Material Tendencies: Scholten & Baijings
The works of Dutch design duo Stefan Scholten and Carole Baijings embody the distinctive identity the couple is known for: colour, gradual hues, transparency, layers and geometric patterns and grids, yet with a very gentle and delicate appearance.
Architonic caught up with Scholten & Baijings to talk about materials and their passion for ceramics.
Anita Hackethal, Architonic: What role do materials play for you during the design process?
Carole Baijings: ‘For us, design is not a cerebral process. Many ideas emerge through the process of working with materials – “thinking through making”. By making paper models, we arrive at new forms. We’ve been teaching this way of “constructive thinking” from 2006 till 2011 at the Design Academy Eindhoven. Within the design process, we combine this method with colour, material, texture and tactility.’
Stefan Scholtens: ‘When you hold a cup and feel its roundness, its size, its proportions – that’s quite different from a 3D computer image. Our method is traditional at every level. We don’t just invent forms and then find the right materials and the right producer. First, we dive into the process ourselves. This means that we remain open to the surprises that can occur while we’re experimenting with materials. One experiment logically leads to another.’
AH: If you had to pick one material to work with for the next three years, what would it be?
SS: ‘Our 2016/ project uses the specialist porcelain skills found in the town of Arita, Japan. It’s opened up a world of possibilities, which we wish to explore more. It’s actually a good idea to focus on just one material to get a greater understanding of it. The reason why we work with different materials is because we like to work with different cultures.’
In 2013, Scholten & Baijings started working in Arita, the oldest Japanese porcelain region. After their ‘Colour Porcelain’ collection for 1616/ Arita Japan, they decided to continue working with porcelain and were invited to take part in this initiative together with Teruhiro Yanagihara, artistic director of 1616/ Arita Japan, to mark the 400-year anniversary of Arita.

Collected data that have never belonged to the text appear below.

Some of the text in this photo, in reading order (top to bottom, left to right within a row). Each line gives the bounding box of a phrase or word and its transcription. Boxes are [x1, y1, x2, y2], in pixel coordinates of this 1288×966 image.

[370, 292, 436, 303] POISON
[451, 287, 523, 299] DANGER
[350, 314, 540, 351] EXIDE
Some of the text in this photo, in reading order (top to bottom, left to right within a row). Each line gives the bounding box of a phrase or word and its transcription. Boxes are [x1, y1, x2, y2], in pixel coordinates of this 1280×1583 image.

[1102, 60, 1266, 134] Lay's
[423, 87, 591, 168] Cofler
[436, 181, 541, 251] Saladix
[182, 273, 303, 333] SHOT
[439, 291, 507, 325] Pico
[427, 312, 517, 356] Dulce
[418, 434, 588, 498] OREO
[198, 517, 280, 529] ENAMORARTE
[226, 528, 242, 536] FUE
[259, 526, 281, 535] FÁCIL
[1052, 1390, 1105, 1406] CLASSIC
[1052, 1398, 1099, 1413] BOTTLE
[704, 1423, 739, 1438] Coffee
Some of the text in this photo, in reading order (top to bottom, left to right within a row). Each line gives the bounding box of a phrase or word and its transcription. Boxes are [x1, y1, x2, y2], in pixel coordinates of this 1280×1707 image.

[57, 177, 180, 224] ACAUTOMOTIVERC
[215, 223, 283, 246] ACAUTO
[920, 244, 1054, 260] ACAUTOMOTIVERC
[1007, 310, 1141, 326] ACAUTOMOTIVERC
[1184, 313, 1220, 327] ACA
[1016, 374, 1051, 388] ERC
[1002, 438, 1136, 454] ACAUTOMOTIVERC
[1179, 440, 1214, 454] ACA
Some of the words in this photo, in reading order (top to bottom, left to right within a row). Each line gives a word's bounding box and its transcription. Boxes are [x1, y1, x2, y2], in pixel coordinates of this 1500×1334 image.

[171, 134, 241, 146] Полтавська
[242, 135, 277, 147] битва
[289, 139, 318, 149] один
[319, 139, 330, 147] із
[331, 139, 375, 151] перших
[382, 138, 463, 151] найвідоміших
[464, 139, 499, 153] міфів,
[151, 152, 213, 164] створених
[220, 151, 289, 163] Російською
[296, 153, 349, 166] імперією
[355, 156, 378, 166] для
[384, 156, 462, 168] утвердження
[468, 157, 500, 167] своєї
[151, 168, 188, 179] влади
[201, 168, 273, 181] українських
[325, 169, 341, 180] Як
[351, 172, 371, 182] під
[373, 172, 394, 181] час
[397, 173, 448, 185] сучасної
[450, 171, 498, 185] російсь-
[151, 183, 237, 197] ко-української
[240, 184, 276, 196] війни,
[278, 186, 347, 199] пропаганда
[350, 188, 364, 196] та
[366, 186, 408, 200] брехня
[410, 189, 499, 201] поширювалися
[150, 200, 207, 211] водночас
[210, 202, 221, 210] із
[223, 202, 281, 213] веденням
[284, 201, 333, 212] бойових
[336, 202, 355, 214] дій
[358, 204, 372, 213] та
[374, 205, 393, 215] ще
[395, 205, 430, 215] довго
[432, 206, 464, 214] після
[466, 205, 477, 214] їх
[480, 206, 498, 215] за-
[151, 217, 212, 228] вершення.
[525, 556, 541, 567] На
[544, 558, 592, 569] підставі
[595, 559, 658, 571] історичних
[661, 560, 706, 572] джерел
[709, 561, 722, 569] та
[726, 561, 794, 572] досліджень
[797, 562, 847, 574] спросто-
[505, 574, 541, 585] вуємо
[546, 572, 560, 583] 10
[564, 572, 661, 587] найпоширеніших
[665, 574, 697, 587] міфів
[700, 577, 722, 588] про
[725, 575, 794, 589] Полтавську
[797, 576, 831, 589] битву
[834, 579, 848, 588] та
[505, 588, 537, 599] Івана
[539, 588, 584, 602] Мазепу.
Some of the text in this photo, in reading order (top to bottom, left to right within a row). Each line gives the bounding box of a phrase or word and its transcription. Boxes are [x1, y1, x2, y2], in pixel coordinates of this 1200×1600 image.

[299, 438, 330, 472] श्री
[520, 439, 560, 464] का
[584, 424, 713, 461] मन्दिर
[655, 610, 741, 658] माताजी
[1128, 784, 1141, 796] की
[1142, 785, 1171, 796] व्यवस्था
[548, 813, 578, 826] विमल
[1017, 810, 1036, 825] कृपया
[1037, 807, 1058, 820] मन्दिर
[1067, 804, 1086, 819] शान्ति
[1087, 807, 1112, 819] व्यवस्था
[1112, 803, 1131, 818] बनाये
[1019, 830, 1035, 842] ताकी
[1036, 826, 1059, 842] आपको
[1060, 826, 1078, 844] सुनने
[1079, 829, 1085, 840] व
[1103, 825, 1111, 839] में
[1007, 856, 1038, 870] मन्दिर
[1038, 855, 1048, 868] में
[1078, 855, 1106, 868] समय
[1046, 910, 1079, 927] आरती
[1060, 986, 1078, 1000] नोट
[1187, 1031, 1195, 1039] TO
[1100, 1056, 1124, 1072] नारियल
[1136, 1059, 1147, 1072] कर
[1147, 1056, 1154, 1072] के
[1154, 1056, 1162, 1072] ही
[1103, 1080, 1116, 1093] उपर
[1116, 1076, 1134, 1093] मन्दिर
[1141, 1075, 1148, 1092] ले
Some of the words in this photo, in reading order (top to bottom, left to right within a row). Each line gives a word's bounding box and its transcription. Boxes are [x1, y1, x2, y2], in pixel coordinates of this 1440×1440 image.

Carole: ‘In the 17th century, Arita porcelain was transported to Europe by the ships of the Dutch East India Company. The Netherlands has had a long relationship with Japanese craft businesses! Together with Teruhiro Yanagihara we are the project’s art directors. The idea – inspired by the founding of Arita in 1616 – is to link 16 international designers to 16 artisanal porcelain companies in Japan. We are fascinated by Arita’s connection with the past, but also with the possibilities for new production technologies. At the ceramic technical research laboratory in Arita, they have invented a way to produce porcelain that is 10% lighter. New methods of production that use CNC milling machines and injection moulding can be further exploited. We will encourage the designers to combine these new technologies with traditional handcraft processes.’
SS: ‘There are not many industries left that have 400 years of history and knowledge. This is a great draw for the designers involved, who will become immersed in the culture and the porcelain-making traditions, the structure and geography of the industry and the many skills of the local makers. We’re very grateful for the high degree of perfection, the magnificent craftsmanship and refined culture.’
The 2016/ project brings together the porcelain-making skills of potteries in Arita, with the talent of 16 international designers: Tomás Alonso, Scholten & Baijings, BIGGAME, Kueng Caputo, Pauline Deltour, Saskia Diez, Stefan Diez, Shigeki Fujishiro, Christian Haas, Christien Meindertsma, Kirstie van Noort, Ingegerd Råman, Leon Ransmeier, Studio Wieki Somers, TAF, Teruhiro Yanagihara. 16 different works and collections of porcelain objects for the home launched in spring 2016.